* Exercise inputs *
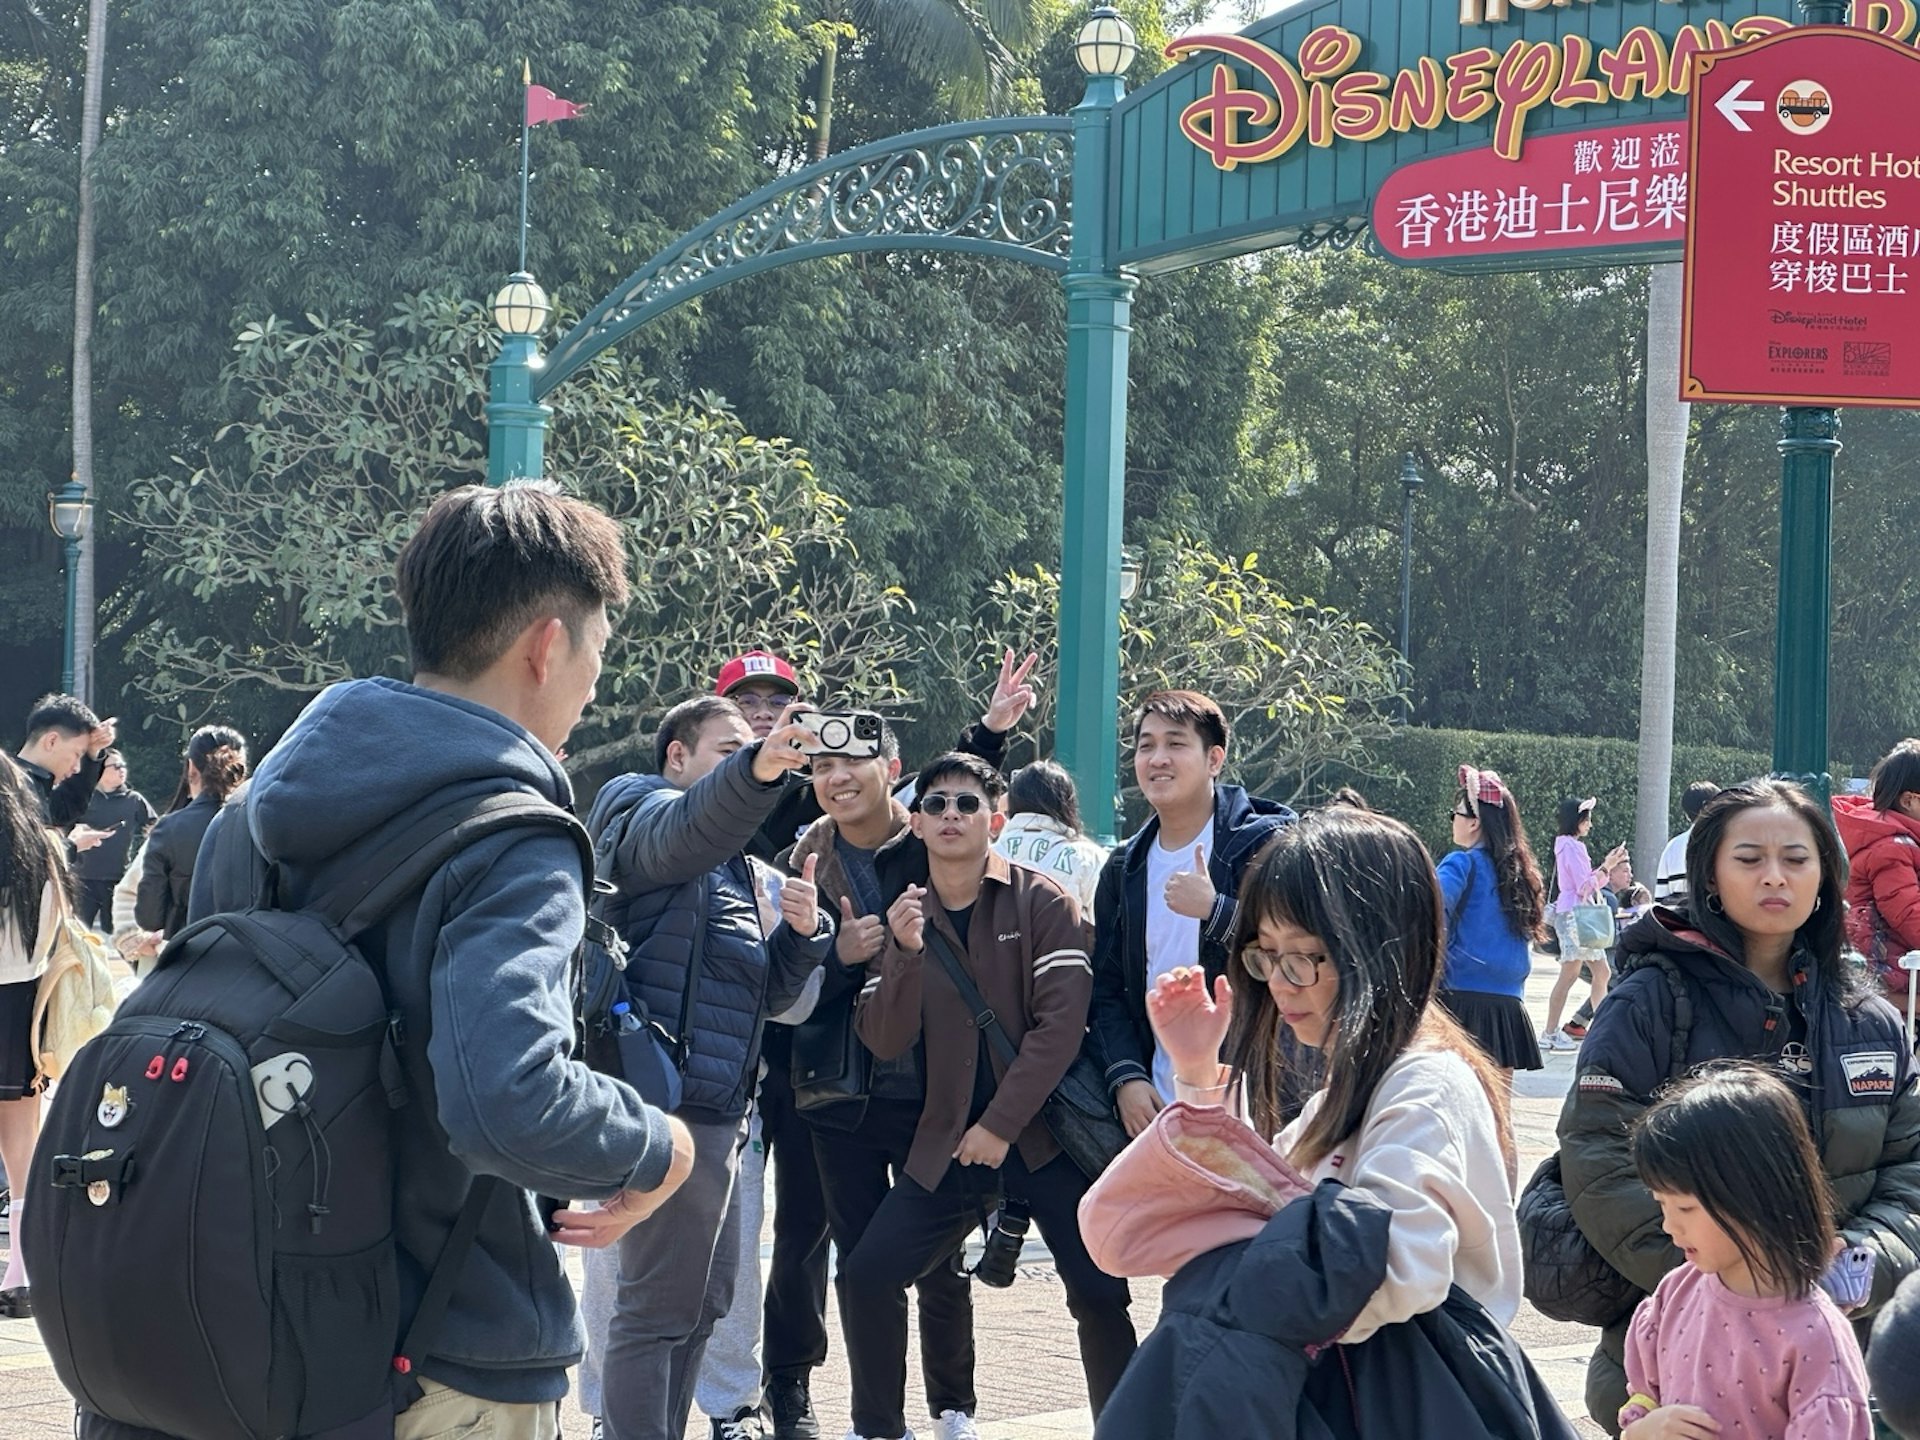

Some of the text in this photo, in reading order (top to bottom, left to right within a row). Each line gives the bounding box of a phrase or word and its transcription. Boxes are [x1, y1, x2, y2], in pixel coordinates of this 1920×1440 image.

[1573, 132, 1681, 175] 歡迎蒞
[1774, 149, 1863, 177] Resort
[1395, 172, 1687, 249] 香港迪士尼樂
[1773, 180, 1887, 209] Shuttles
[1769, 258, 1909, 294] 穿梭巴士
[1768, 346, 1829, 361] EXPLORERS

* Exercise *
When you retype the listing, keep every line exactly as it is and drop the pictures.

* Reply to the task *
Some of the text in this photo, in reading order (top to bottom, left to right within a row). Each line gives the bounding box of a phrase or word and its transcription. Boxes are [x1, y1, x2, y2], in pixel coordinates of this 1920×1440 image.

[1573, 132, 1681, 175] 歡迎蒞
[1774, 149, 1863, 177] Resort
[1395, 172, 1687, 249] 香港迪士尼樂
[1773, 180, 1887, 209] Shuttles
[1769, 258, 1909, 294] 穿梭巴士
[1768, 346, 1829, 361] EXPLORERS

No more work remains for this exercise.